**Exercise requirements**
Will you write out the data exactly, excluding every picture?
-*-*-
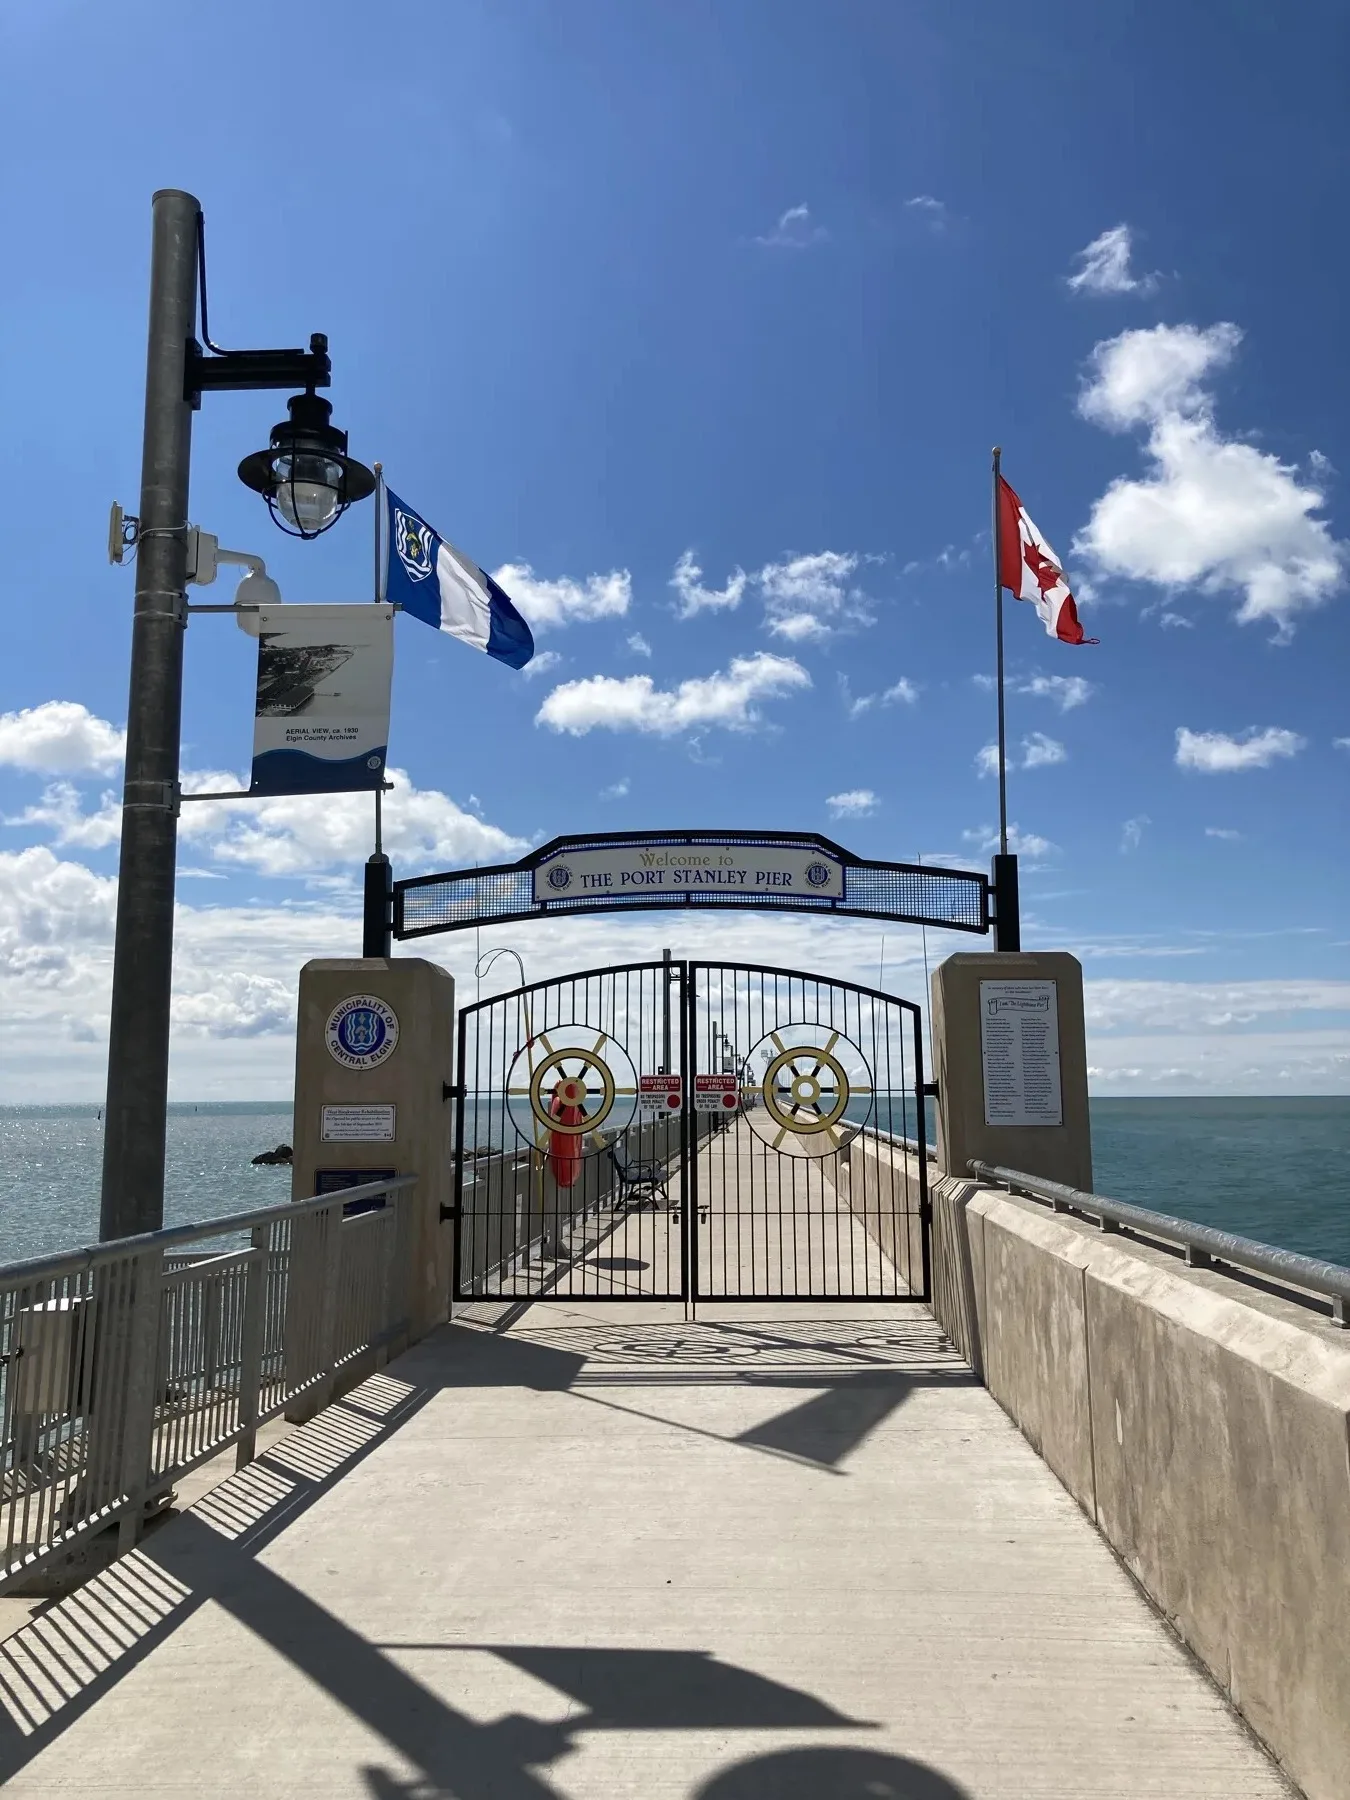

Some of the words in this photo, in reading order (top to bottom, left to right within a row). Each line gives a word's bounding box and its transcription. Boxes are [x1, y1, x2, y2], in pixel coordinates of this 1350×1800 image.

[639, 852, 711, 867] Welcome
[718, 852, 734, 867] to
[580, 872, 614, 888] THE
[620, 870, 667, 886] PORT
[673, 869, 748, 885] STANLEY
[755, 871, 793, 887] PIER
[330, 999, 388, 1031] MUNICIPALITY
[385, 1016, 395, 1030] OF
[330, 1040, 368, 1065] CENTRAL
[370, 1038, 393, 1062] ELGIN
-*-*-
**Written response**
Some of the words in this photo, in reading order (top to bottom, left to right within a row). Each line gives a word's bounding box and its transcription. Boxes are [x1, y1, x2, y2], in pixel coordinates of this 1350×1800 image.

[639, 852, 711, 867] Welcome
[718, 852, 734, 867] to
[580, 872, 614, 888] THE
[620, 870, 667, 886] PORT
[673, 869, 748, 885] STANLEY
[755, 871, 793, 887] PIER
[330, 999, 388, 1031] MUNICIPALITY
[385, 1016, 395, 1030] OF
[330, 1040, 368, 1065] CENTRAL
[370, 1038, 393, 1062] ELGIN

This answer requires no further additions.